# [Problem statement]
The records below must be output exactly, with no images carried over.

# [Source records]
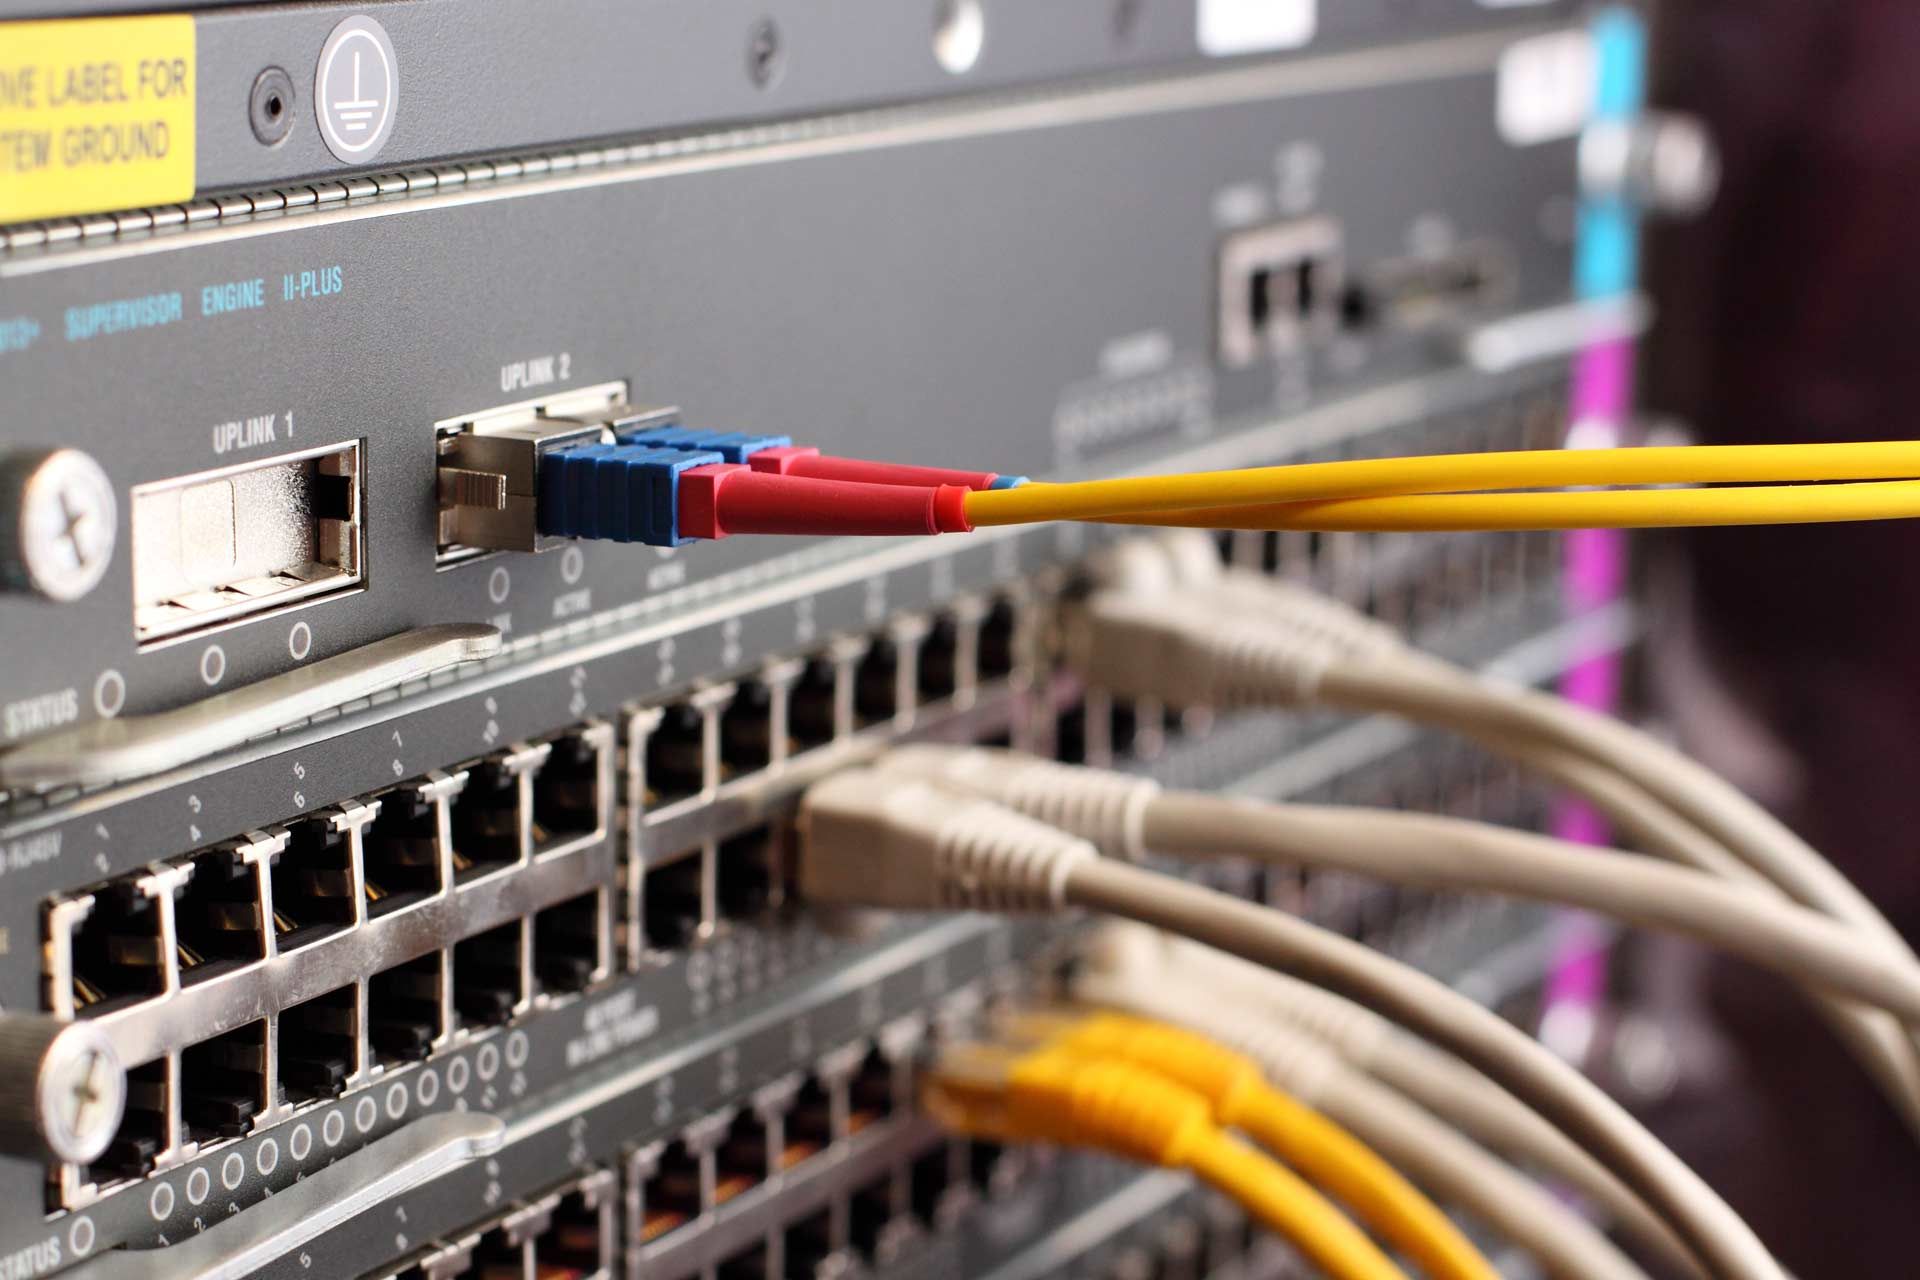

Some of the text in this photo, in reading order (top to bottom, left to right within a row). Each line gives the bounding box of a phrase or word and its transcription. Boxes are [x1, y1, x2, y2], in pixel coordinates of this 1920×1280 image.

[0, 58, 187, 109] VE LABEL FOR
[61, 121, 169, 168] GROUND
[64, 291, 183, 342] SUPERVISOR
[202, 278, 265, 317] ENGINE
[283, 265, 343, 301] II-PLUS
[501, 352, 571, 392] UPLINK 2
[213, 410, 293, 454] UPLINK 1
[4, 687, 78, 738] STATUS
[294, 761, 306, 779] 5
[392, 760, 404, 776] 8
[294, 791, 306, 809] 6
[229, 1201, 241, 1214] 3
[194, 1217, 206, 1232] 2
[300, 1252, 311, 1269] 5

# [Solution]
Some of the text in this photo, in reading order (top to bottom, left to right within a row). Each line gives the bounding box of a phrase or word and its transcription. Boxes are [x1, y1, x2, y2], in pixel coordinates of this 1920×1280 image.

[0, 58, 187, 109] VE LABEL FOR
[61, 121, 169, 168] GROUND
[64, 291, 183, 342] SUPERVISOR
[202, 278, 265, 317] ENGINE
[283, 265, 343, 301] II-PLUS
[501, 352, 571, 392] UPLINK 2
[213, 410, 293, 454] UPLINK 1
[4, 687, 78, 738] STATUS
[294, 761, 306, 779] 5
[392, 760, 404, 776] 8
[294, 791, 306, 809] 6
[229, 1201, 241, 1214] 3
[194, 1217, 206, 1232] 2
[300, 1252, 311, 1269] 5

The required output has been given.